Hardware requirements

Workflow Compute Credentials needed
make test / make check / make install / examples/inspect_library.py CPU only, no Internet none
Benchmark with a hosted Sub-Agent (Gemini drop-in, see "Swapping Sub-Agent" below) CPU only + outbound Gemini Gemini (Vertex AI)
Local Qwen2.5-VL-7B Sub-Agent for make demo / make benchmark / make evolve 1 × GPU ≥ 24 GB (L40S / A100 / H100) Gemini + HF (for gated benchmark dataset)
Full paper reproduction (make reproduce) ≥ 4 GPUs, ~4–6 h wall-clock, ~50 GB free disk Gemini + HF

make help lists the same matrix at the command line.

Install

# clone from either canonical home — they are kept in sync
git clone https://github.com/TIGER-AI-Lab/RewardHarness.git
#   or:  git clone https://github.com/KlingAIResearch/RewardHarness.git
cd RewardHarness
python -m venv .venv && source .venv/bin/activate
pip install -r requirements.txt

# OPTIONAL — only needed if you'll serve Qwen2.5-VL-7B locally with vLLM.
# Skip this if you only want to run the test suite, inspect the Library, or
# point the Sub-Agent at a hosted Gemini endpoint instead.
pip install -r requirements-vllm.txt

Environment

# Vertex AI for the Gemini orchestrator
export GOOGLE_APPLICATION_CREDENTIALS="/path/to/your/google-credentials.json"
export GEMINI_PROJECT="your-vertexai-project-id"
export GEMINI_LOCATION="global"

The Sub-Agent expects one or more vLLM endpoints serving Qwen2.5-VL-7B-Instruct.

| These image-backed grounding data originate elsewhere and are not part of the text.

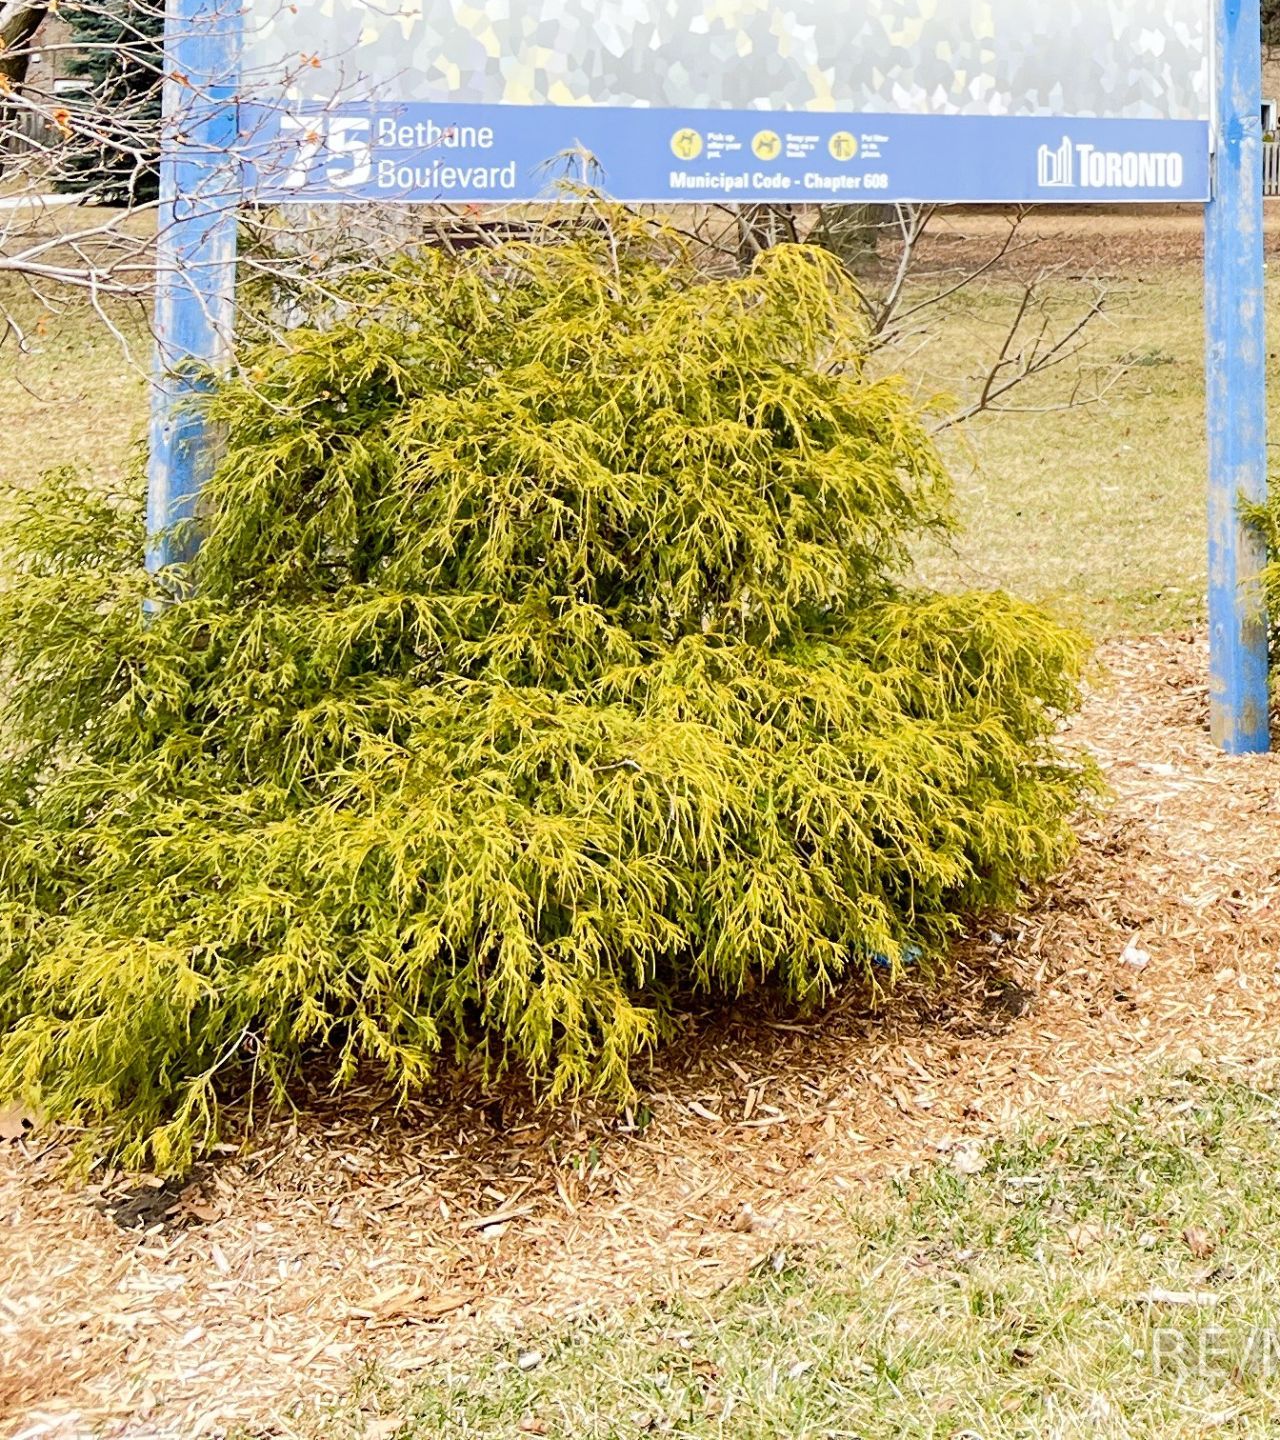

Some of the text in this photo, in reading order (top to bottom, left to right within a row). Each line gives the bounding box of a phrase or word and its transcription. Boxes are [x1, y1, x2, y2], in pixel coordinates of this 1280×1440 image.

[379, 118, 494, 148] Bethune
[280, 116, 371, 187] 75
[1075, 143, 1183, 188] TORONTO
[378, 160, 516, 189] Boulevard
[669, 171, 749, 192] Municipal
[752, 172, 791, 189] Code
[804, 173, 861, 192] Chapter
[863, 173, 888, 189] 608
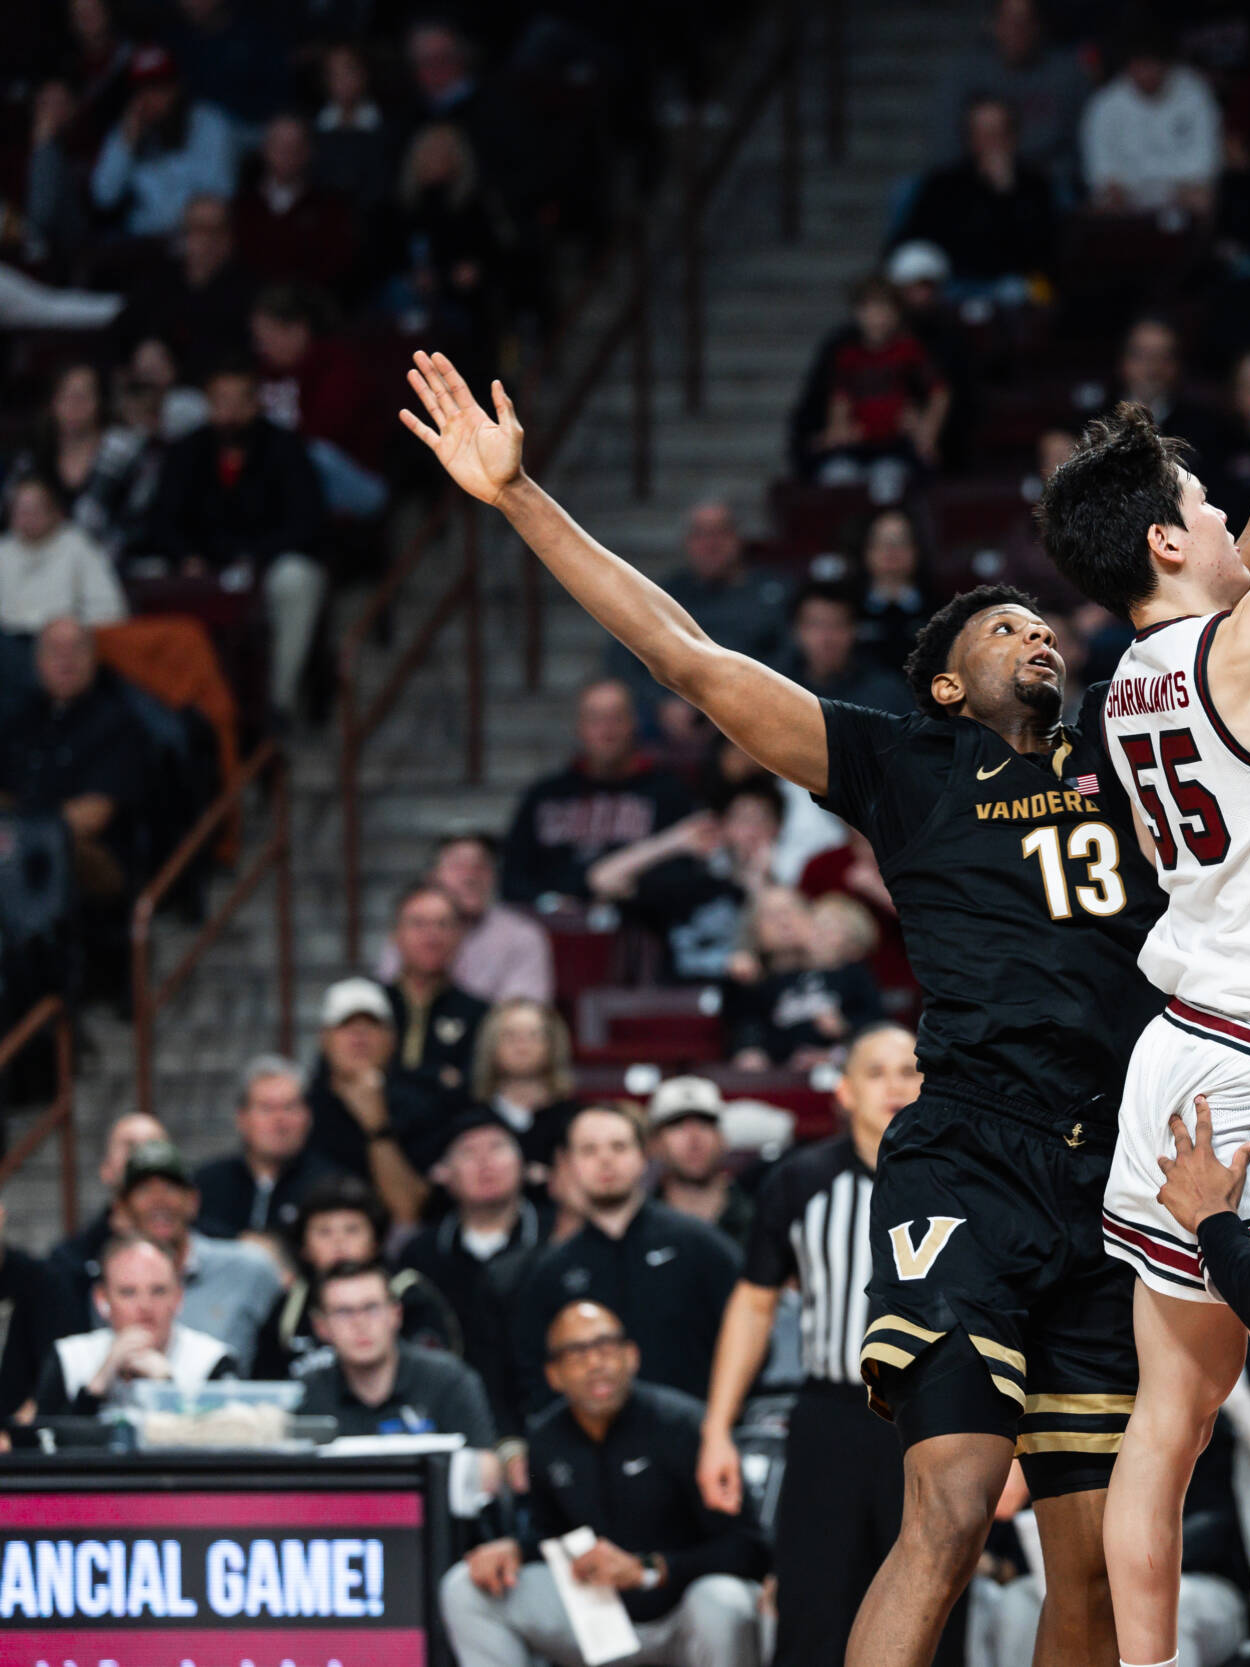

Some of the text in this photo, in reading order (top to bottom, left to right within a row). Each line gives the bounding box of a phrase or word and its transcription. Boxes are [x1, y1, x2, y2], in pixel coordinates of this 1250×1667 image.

List them one URL per line in configs/endpoints.txt. Bring them up with scripts/serve_vllm_multi.sh (single node, multi-GPU) or scripts/sbatch_vllm.sh (Slurm).

Quickstart

# Preflight: verify env vars, credentials, and endpoint reachability
make check         # or: python scripts/check_env.py

# Run all tests (~2 s, no GPU / no network needed)
python -m pytest tests/ -v

# Run evolution (main experiment) — Phase A/B/C loop on ~100 demos
python scripts/run_evolution.py \
  --config configs/default.yaml \
  --results-dir results/my_run/ \
  --max-iters 200

# Read-only benchmark (K=2/3/4 accuracy on EditReward-Bench)
python scripts/run_benchmark.py --config configs/default.yaml

Reproduce paper results

End-to-end one-command reproduction (env setup → data download → vLLM serve → evolution → benchmark → print results):

bash scripts/reproduce.sh

The script needs one machine with ≥ 4 GPUs (L40S / A100 / H100), the Gemini credentials above, and Internet access for the HuggingFace dataset download. It runs the 7 steps from scripts/reproduce.sh in order and trap-cleans up vLLM servers on exit. Total wall-clock: roughly 4–6 hours.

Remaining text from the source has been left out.